The preprocessing that works best with embed-english-light-v3.0 is simple, consistent, and focused on preserving meaning while removing noise. Start by extracting the user-relevant text: remove navigation menus, cookie banners, repeated headers/footers, and template boilerplate. Normalize whitespace, keep sentence structure intact, and avoid transformations that change semantics. For developer-facing content, preserve code identifiers, error messages, configuration keys, and product names, because users often search with those exact strings and they anchor retrieval.
Chunking is the most important “preprocessing” decision for embedding-based search. Split documents into coherent passages that each express one idea, and consider adding a short prefix that provides context, such as the page title or section heading. A practical pattern is to embed a string like "Title: ...\nSection: ...\nContent: ..." for each chunk, then store it alongside metadata. If you’re using a vector database such as Milvus or Zilliz Cloud, include metadata fields that enable filters and better UX: doc_id, source_url, product, version, and updated_at. Also consider deduplicating near-identical chunks before embedding to reduce cost and prevent repetitive search results.
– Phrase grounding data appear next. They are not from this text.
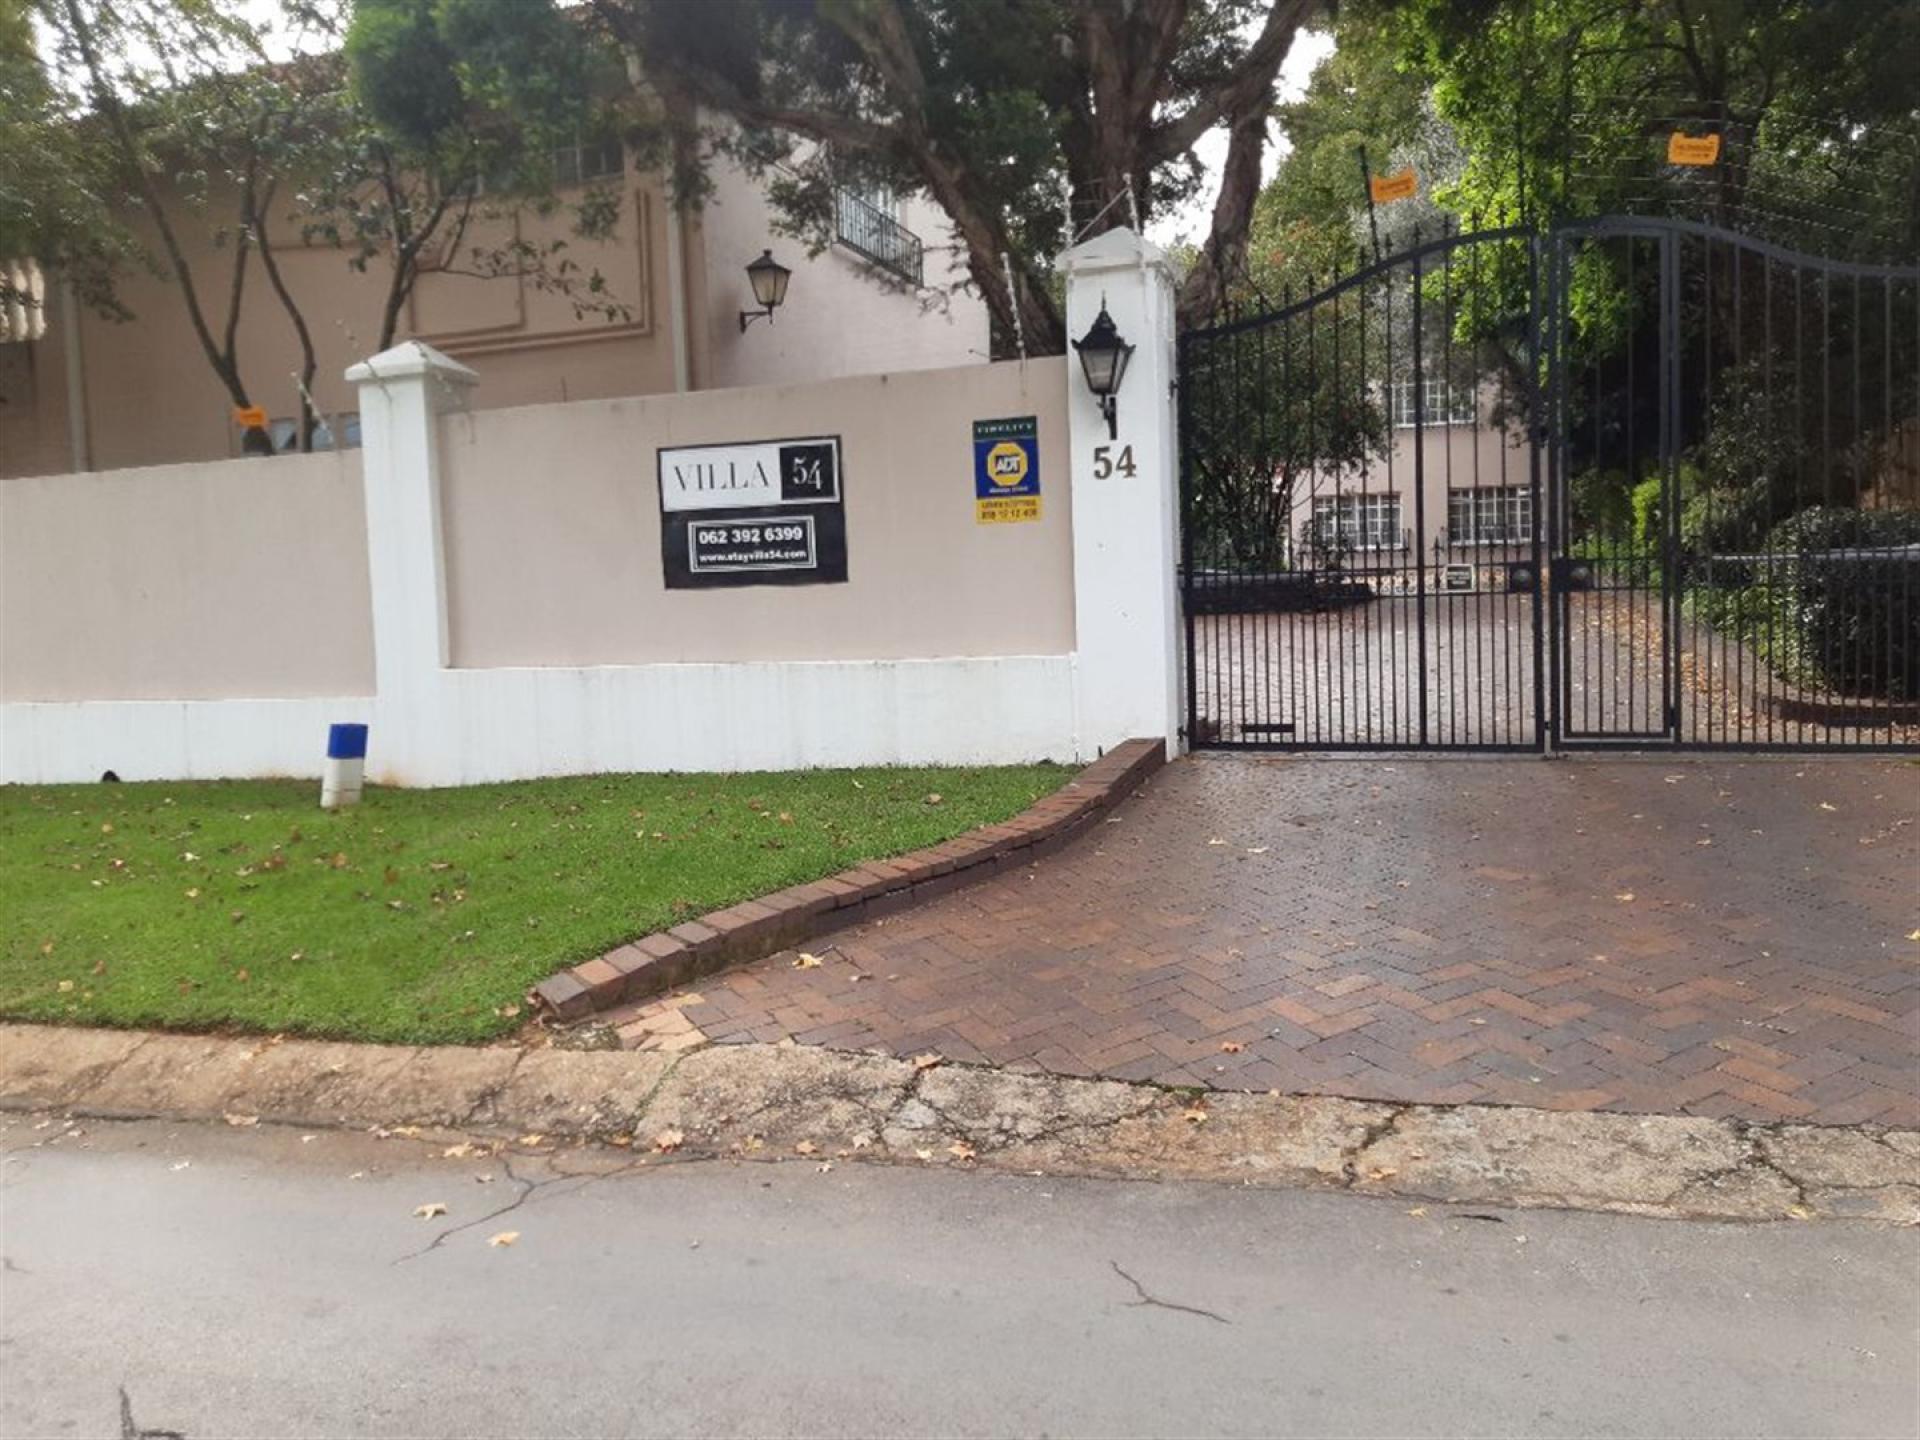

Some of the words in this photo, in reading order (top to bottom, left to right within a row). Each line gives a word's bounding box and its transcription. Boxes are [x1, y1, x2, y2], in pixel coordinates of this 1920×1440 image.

[674, 460, 769, 491] VILLA
[792, 455, 824, 490] 54
[995, 456, 1021, 475] ADT
[1093, 444, 1136, 480] 54
[699, 529, 728, 545] 062
[731, 528, 761, 544] 392
[764, 526, 803, 542] 6399
Finally, keep preprocessing stable across time and environments. If you change chunk size, heading prefixes, or cleaning rules, you effectively change the meaning distribution of your vectors, which can cause quality shifts and make debugging hard. Version your preprocessing pipeline, store the pipeline version with each vector record, and re-embed intentionally when you change it. For queries, prefer minimal processing: trim whitespace and keep the user’s wording, because “helpful normalization” can easily remove valuable intent signals.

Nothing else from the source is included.